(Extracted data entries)
*** Begin section ***
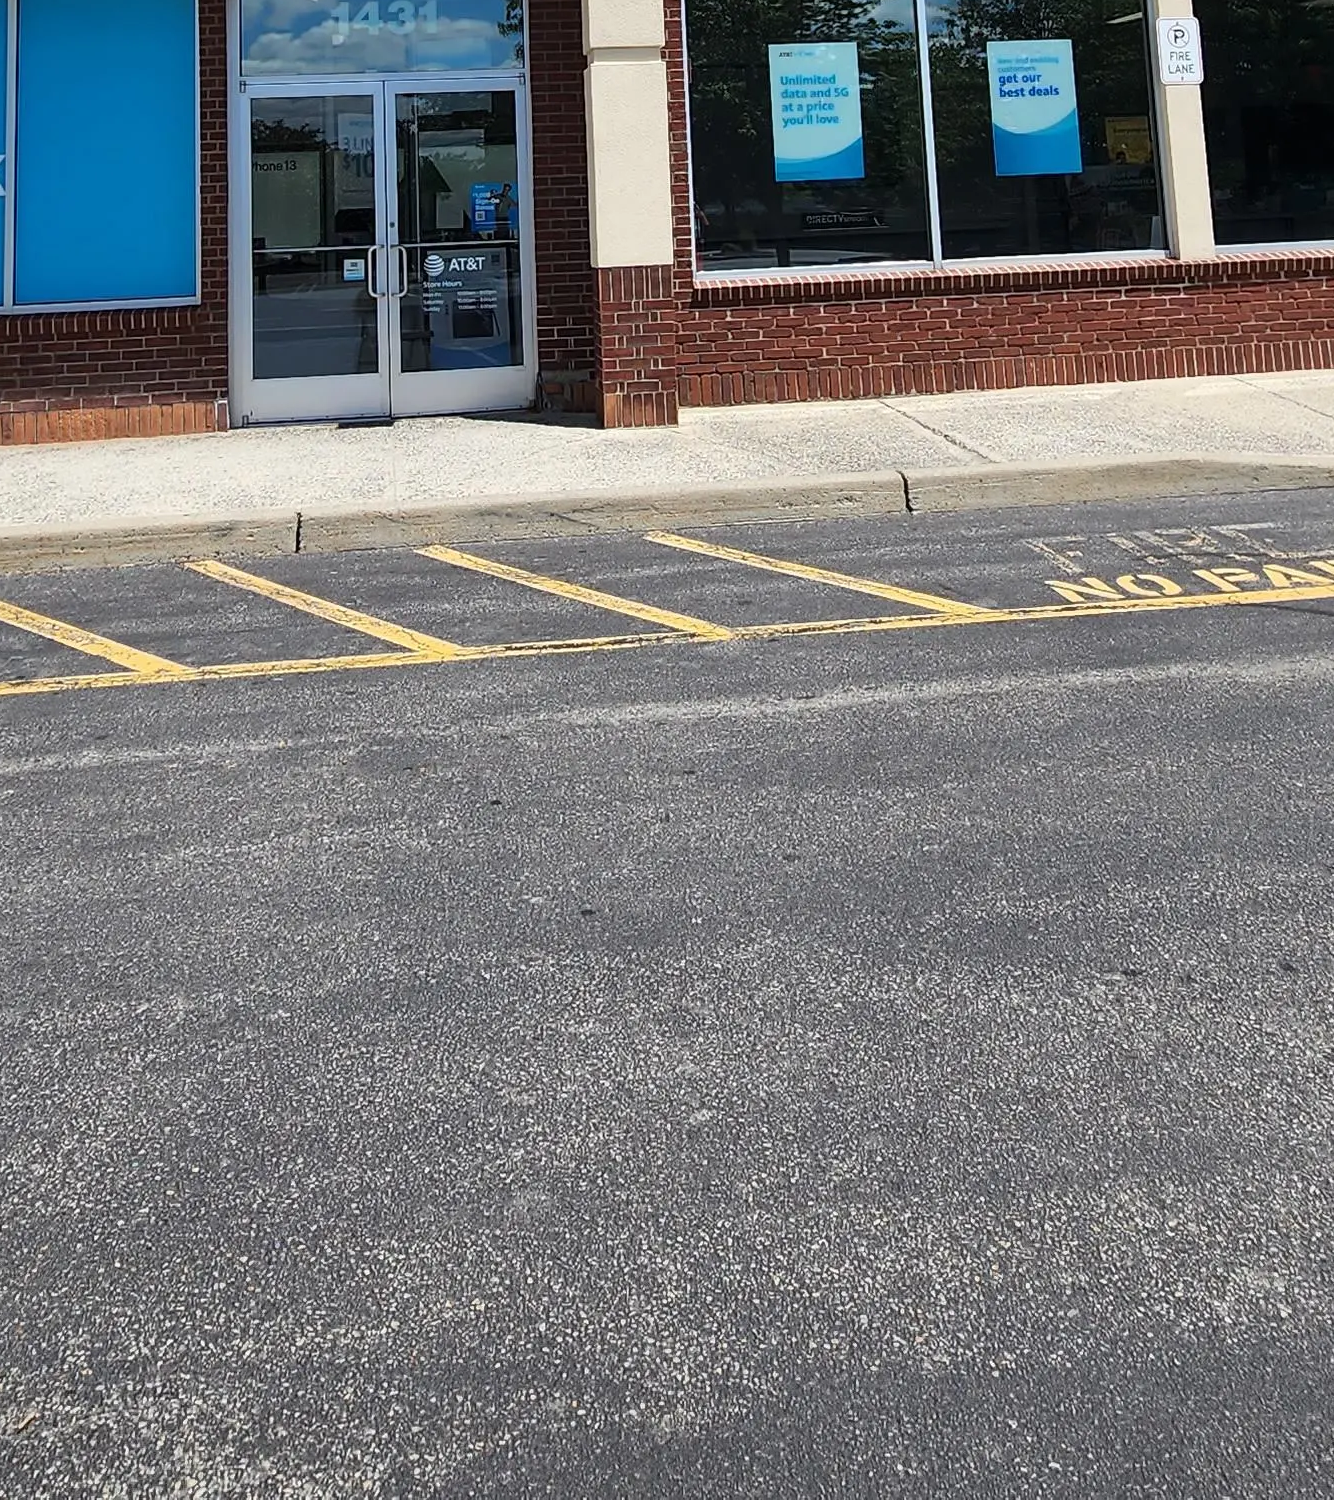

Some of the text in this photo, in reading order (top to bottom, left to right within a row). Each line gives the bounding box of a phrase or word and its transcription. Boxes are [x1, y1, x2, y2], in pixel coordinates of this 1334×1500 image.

[331, 0, 438, 36] 1431
[1170, 51, 1191, 61] FIRE
[1168, 63, 1195, 74] LANE
[780, 75, 836, 85] Unlimited
[998, 74, 1042, 86] get our
[781, 87, 849, 99] data and 5G
[999, 85, 1060, 98] best deals
[782, 101, 834, 113] at a price
[782, 114, 839, 128] you'll love
[285, 160, 297, 170] 13
[449, 257, 486, 271] AT&T
[1044, 573, 1184, 603] NO
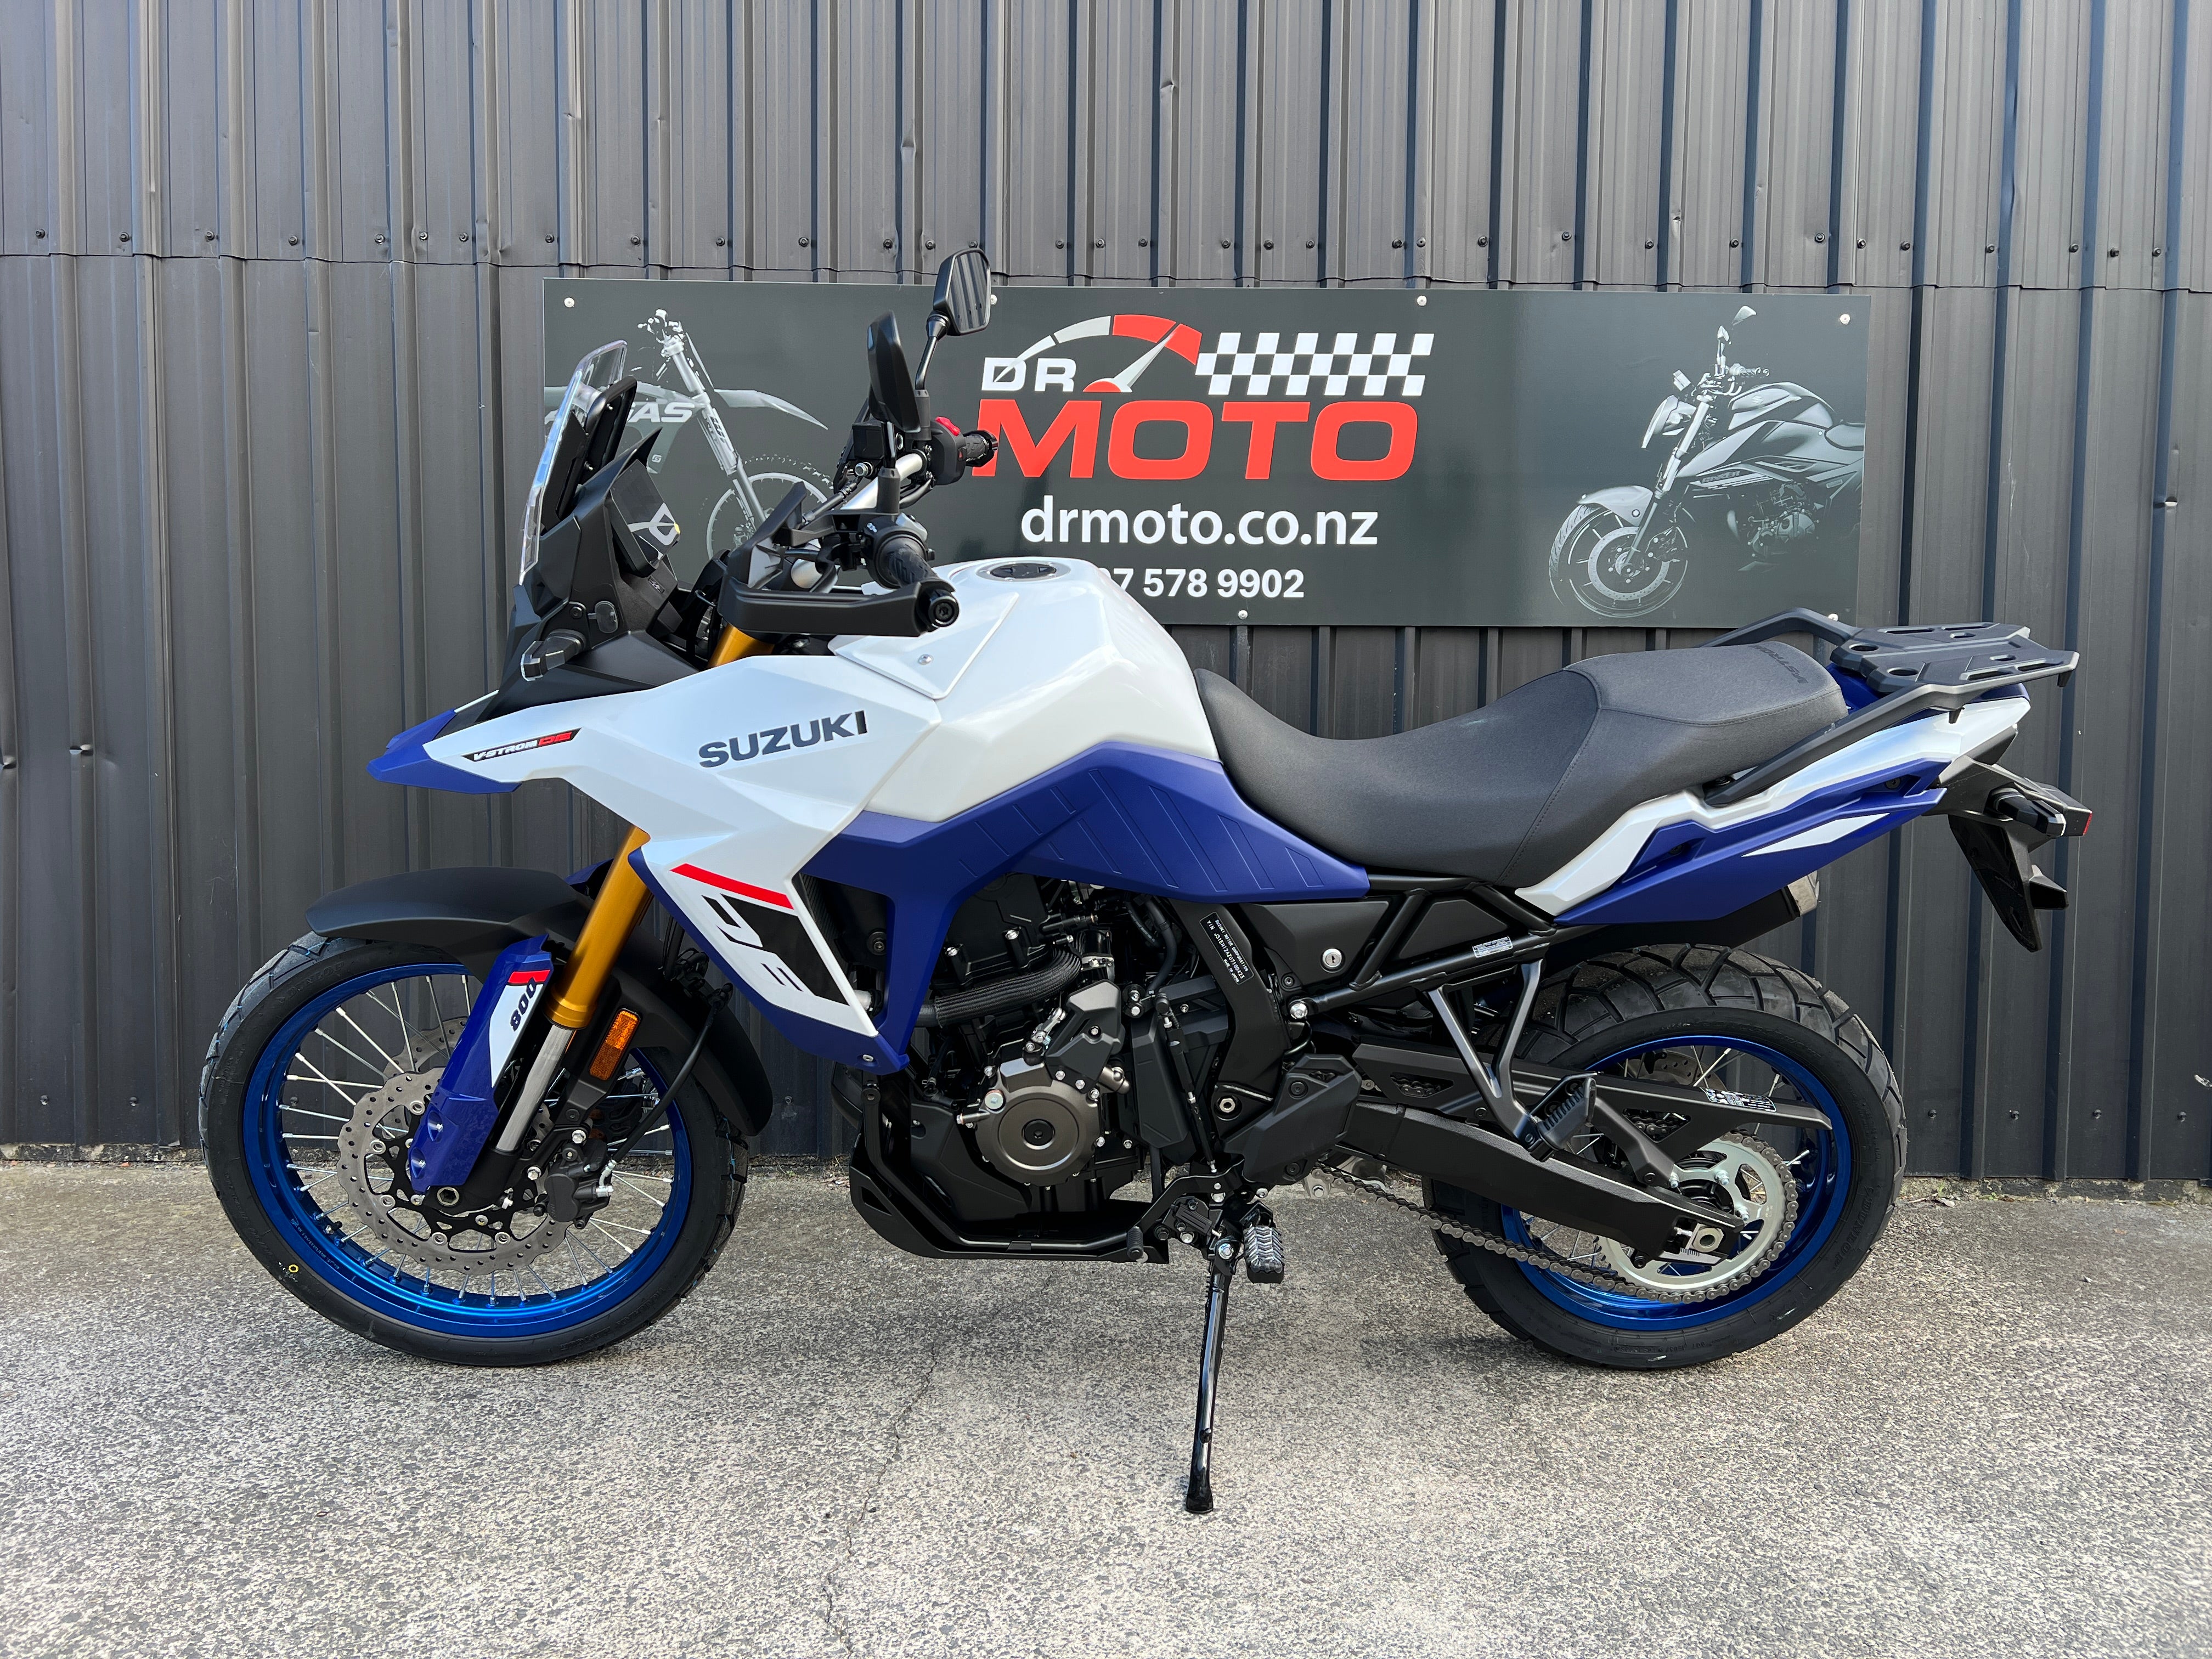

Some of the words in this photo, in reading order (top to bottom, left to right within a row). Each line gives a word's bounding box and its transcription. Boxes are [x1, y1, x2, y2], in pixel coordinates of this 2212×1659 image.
*** End section ***
Return the data verbatim, leaving out the pictures it holds.

▶ **Response box**
Some of the text in this photo, in reading order (top to bottom, left to right within a row). Each line gives the bounding box of a phrase or word and its transcription. Boxes are [x1, y1, x2, y2], in pixel coordinates of this 1334×1500 image.

[331, 0, 438, 36] 1431
[1170, 51, 1191, 61] FIRE
[1168, 63, 1195, 74] LANE
[780, 75, 836, 85] Unlimited
[998, 74, 1042, 86] get our
[781, 87, 849, 99] data and 5G
[999, 85, 1060, 98] best deals
[782, 101, 834, 113] at a price
[782, 114, 839, 128] you'll love
[285, 160, 297, 170] 13
[449, 257, 486, 271] AT&T
[1044, 573, 1184, 603] NO

Some of the words in this photo, in reading order (top to bottom, left to right within a row). Each line gives a word's bounding box and its transcription. Boxes are [x1, y1, x2, y2], in pixel coordinates of this 2212×1659 image.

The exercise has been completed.